Literature DB >> 17445566

In pursuit of the ultimate: the initial Ahmedabad journey toward transplantation tolerance.

H L Trivedi1, A V Vanikar, P R Modi, P R Shah, V R Shah, V B Trivedi.   

Abstract

We designed a prospective clinical trial of 357 patients divided in two groups--treated (n = 201) and controls (n = 156)--to evaluate effects of donor hematopoietic stem cell transplantation (HSCT) with minimal nonmyeloablative conditioning for tolerance induction in living related donor renal allograft recipients.
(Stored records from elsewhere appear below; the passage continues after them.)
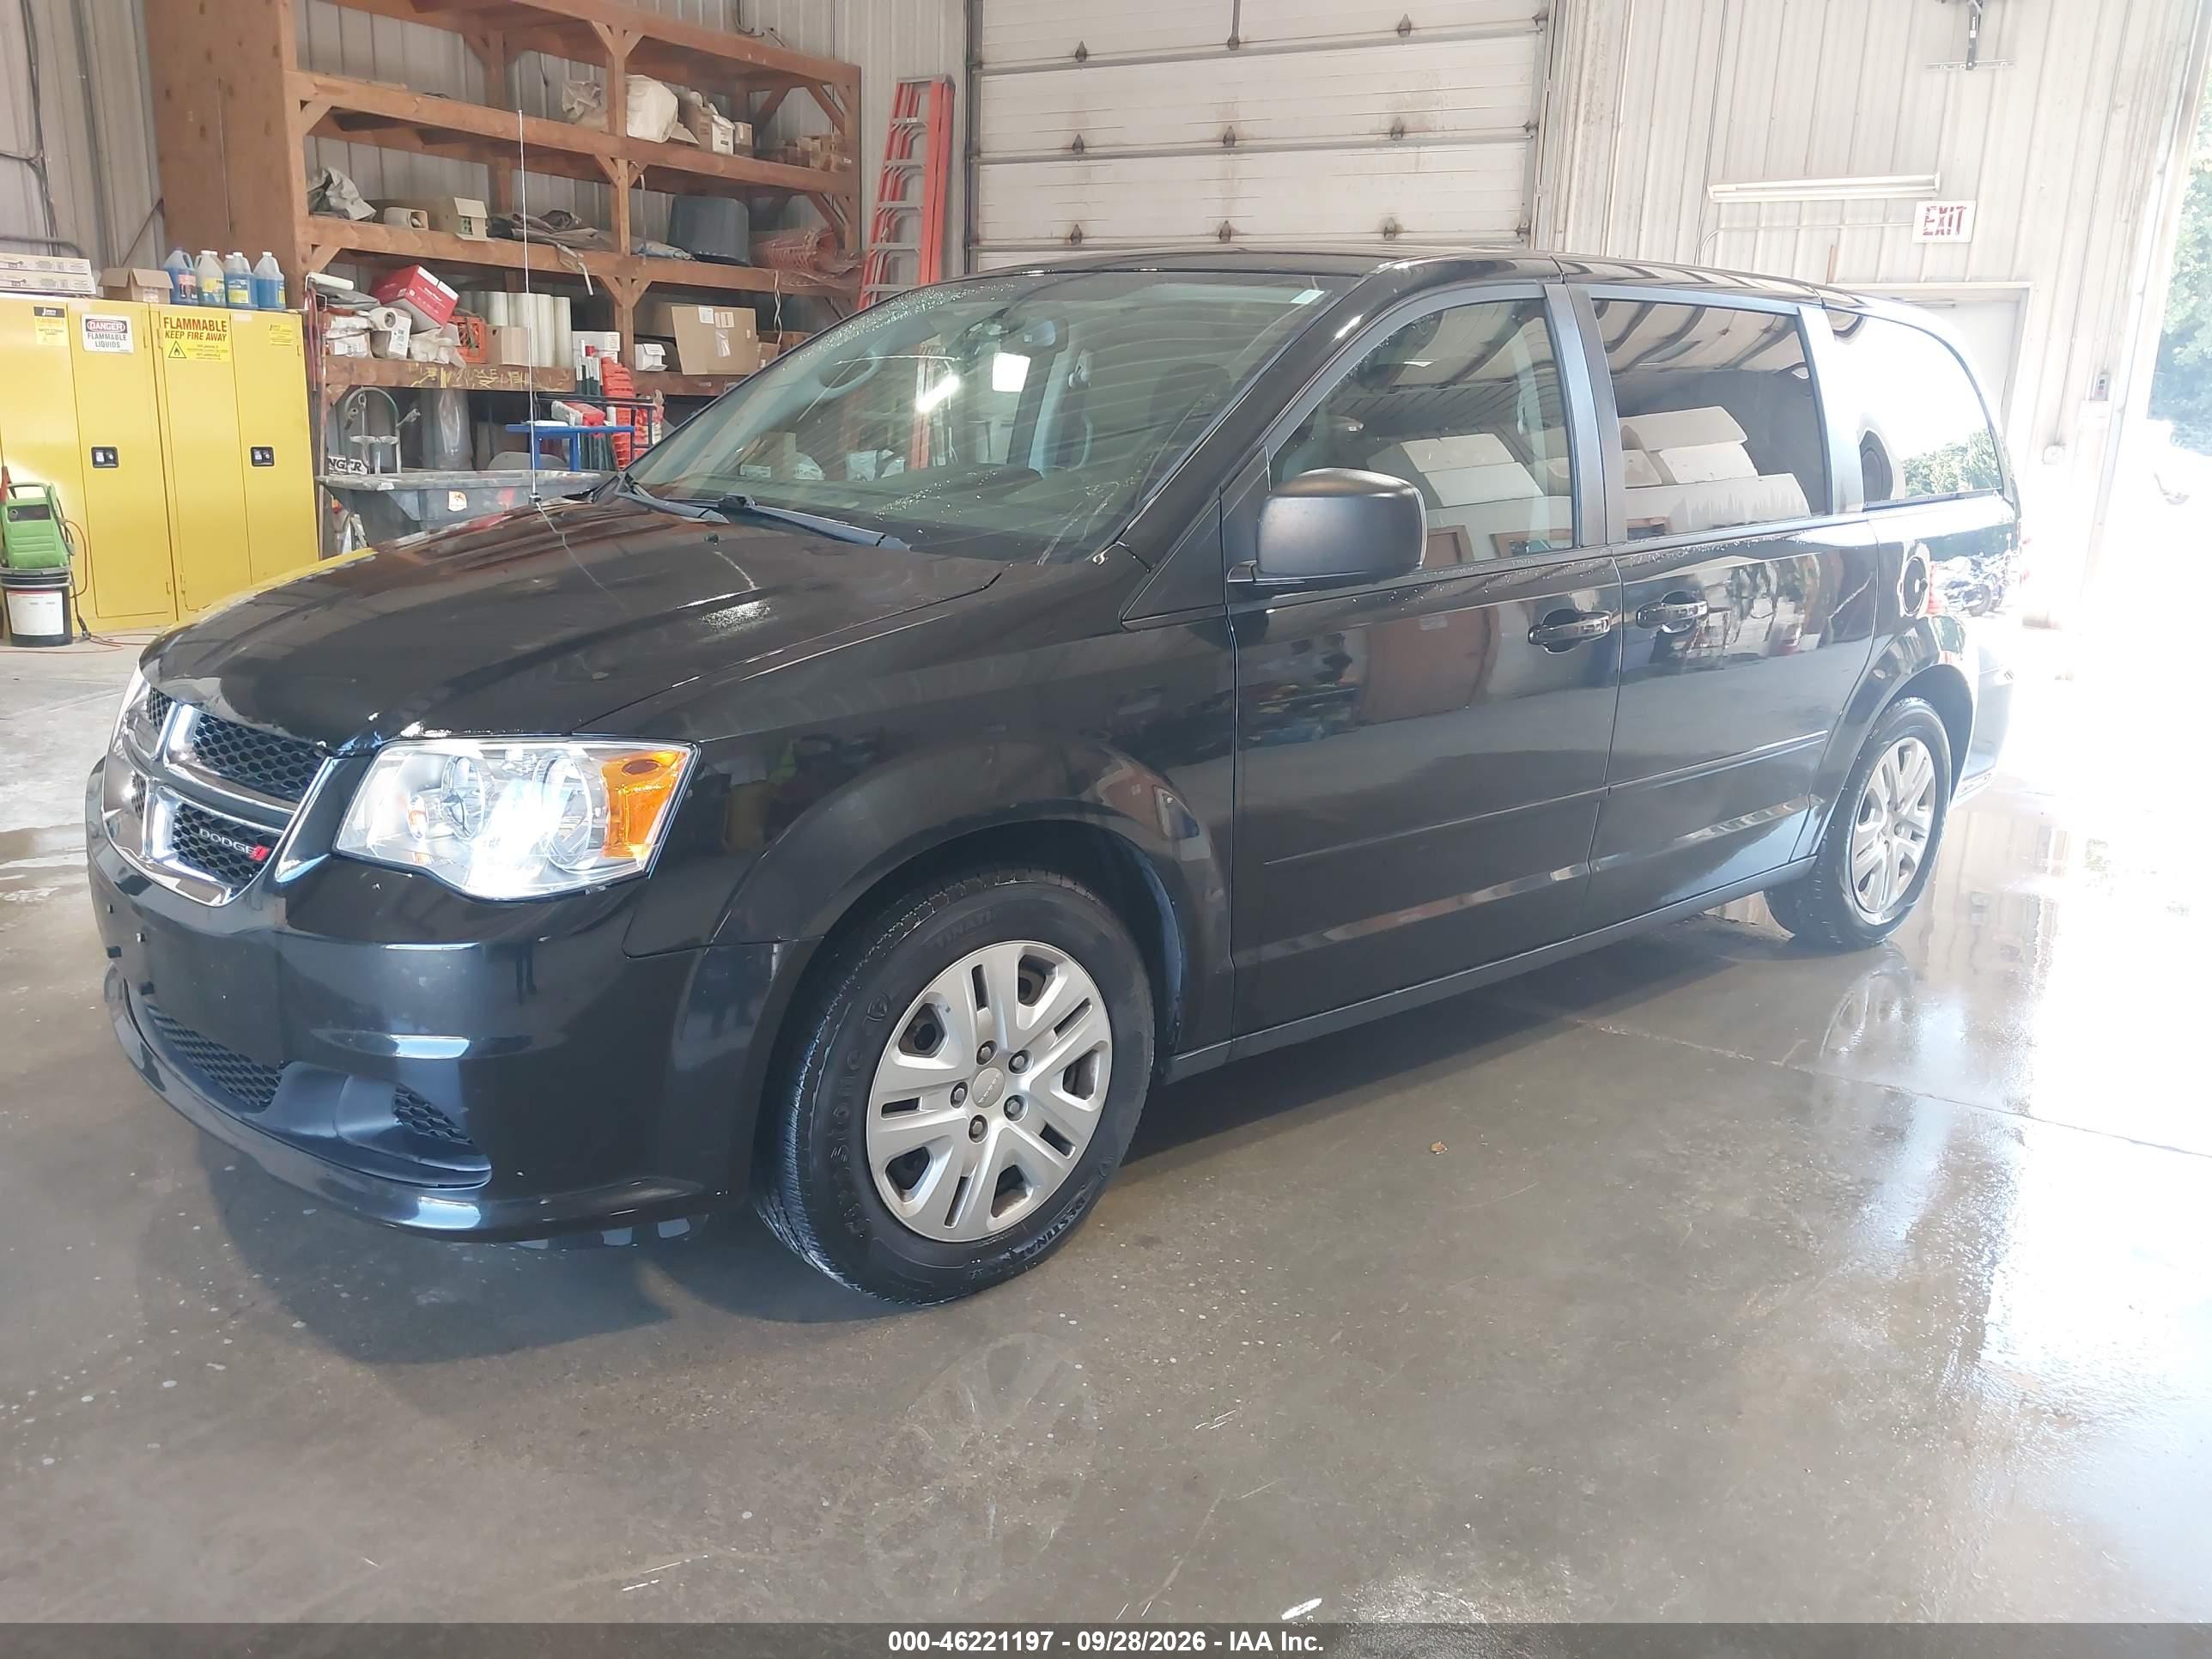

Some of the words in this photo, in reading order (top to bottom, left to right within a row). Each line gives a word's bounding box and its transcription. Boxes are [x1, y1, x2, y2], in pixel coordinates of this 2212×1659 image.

[1923, 205, 1966, 236] EXIT
[89, 321, 123, 331] DANGER
[163, 317, 228, 332] FLAMMABLE
[88, 332, 127, 341] FLAMMABLE
[165, 331, 185, 340] KEEP
[187, 331, 204, 341] FIRE
[205, 332, 227, 342] AWAY
[95, 340, 121, 349] LIQUIDS
[199, 828, 255, 854] DODGE
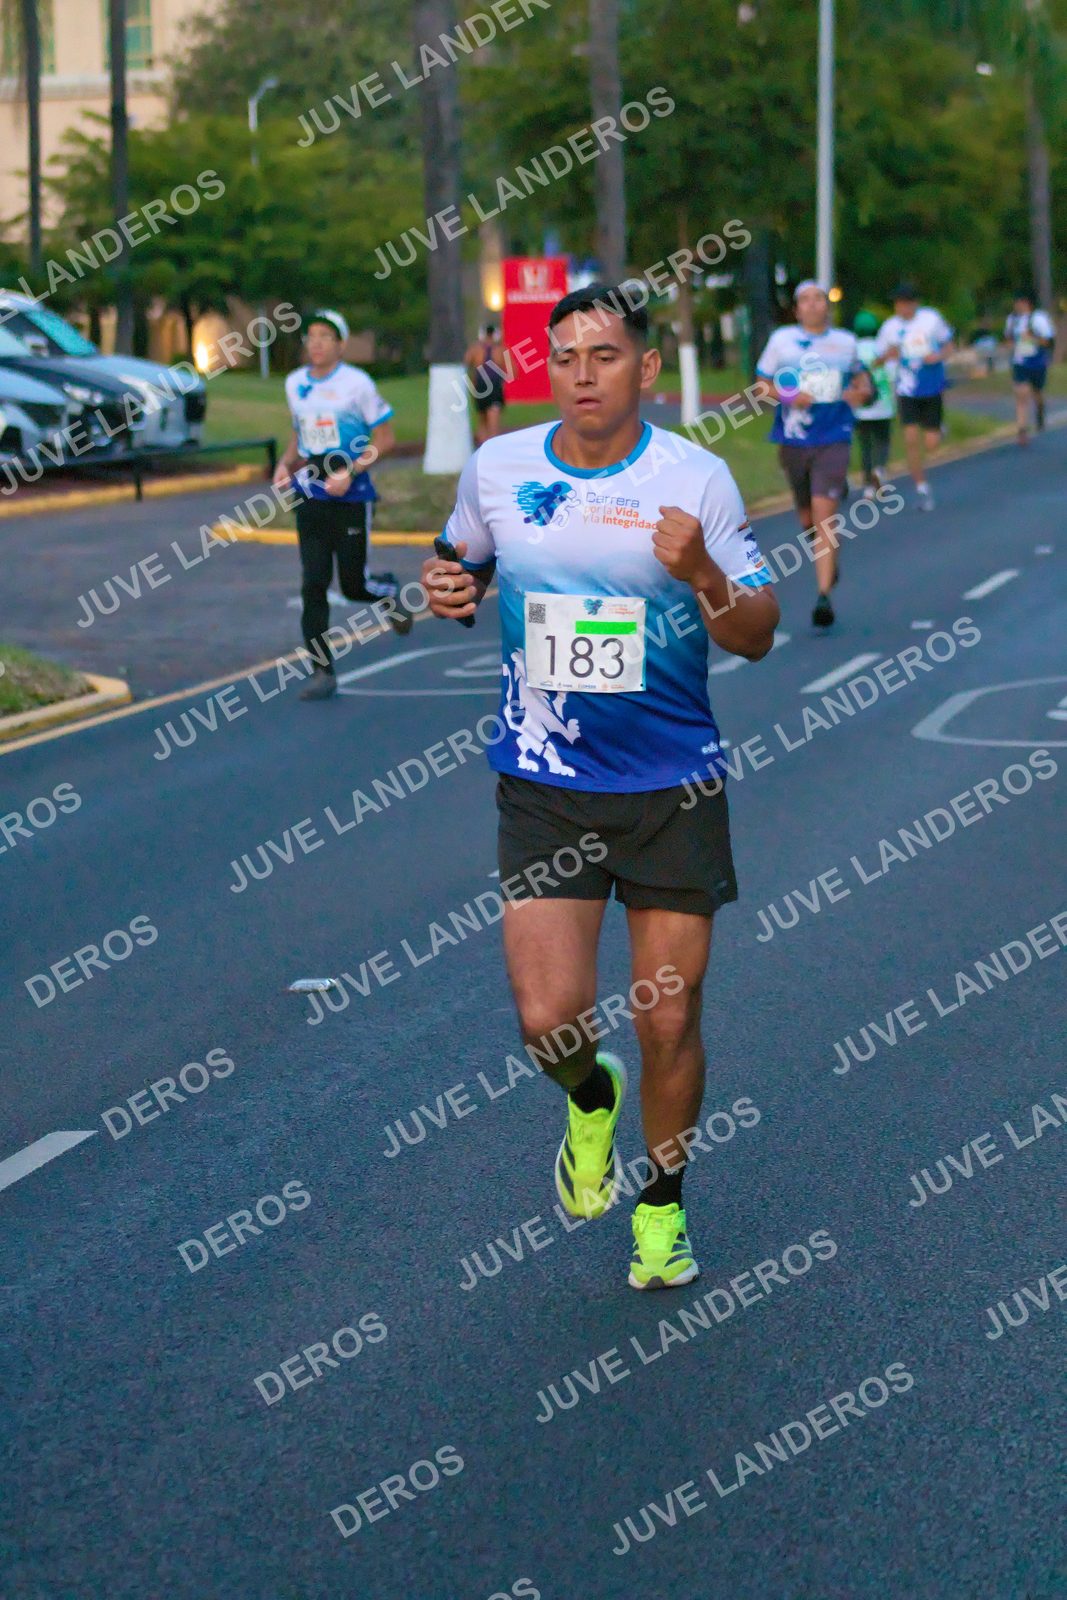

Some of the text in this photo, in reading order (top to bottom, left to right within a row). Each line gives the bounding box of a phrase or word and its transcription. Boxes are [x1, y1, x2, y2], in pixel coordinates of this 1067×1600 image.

[586, 492, 640, 508] Carrera
[615, 507, 639, 518] Vida
[545, 635, 624, 679] 183
Conditioning included donor leukocyte infusions, target-specific irradiation, anti-T-cell antibody, cyclophosphamide, cyclosporine (CsA), followed by bone marrow (BM)-derived and peripheral blood stem cell (PBSC) infusion into thymus, liver, BM, and periphery, with mean total dose of 20 x 10(8) nucleated cells/kg body weight (BW) (mean CD34(+) count: 0.9%) pretransplantation. CsA (3 mg/kg BW/d) and prednisolone (10 mg/d) were used for immunosuppression. Azathioprine/mycophenolate mofetil were added in the event of an acute rejection episode. The controls underwent transplantation with three drug immunosuppression. With a mean follow-up of 21.5 months, the treated cohort showed better allograft function with mean serum creatinine (SCr), 1.42 +/- 0.31 mg% in contrast with the controls mean SCr, 1.61 +/- 0.52 mg% (P < .0001) at 23.9 months follow-up. One-year allograft/patient survival was 95%/96.7% versus 89%/93.4%, respectively. Peripheral blood chimerism by fluorescent in situ hybridization was 0.8% +/- 0.2% in the subset of treated patients with gender-mismatched donors. No graft-versus-host disease was noted. Nine patients with donor-specific cytotoxic alloantibodies pretransplantation showed a decrease in positivity to <15% post-HSCT and were transplanted safely. A transient rise in donor-specific cytotoxic alloantibodies was noted in 19 treated patients post-HSCT, 14 of whom returned to the transplantable range within 2 weeks and five required a desensitization protocol. "Prope" tolerance may be induced in living related donor renal transplantation across major histocompatability complex barriers using HSCT with minimal nonmyeloablative conditioning.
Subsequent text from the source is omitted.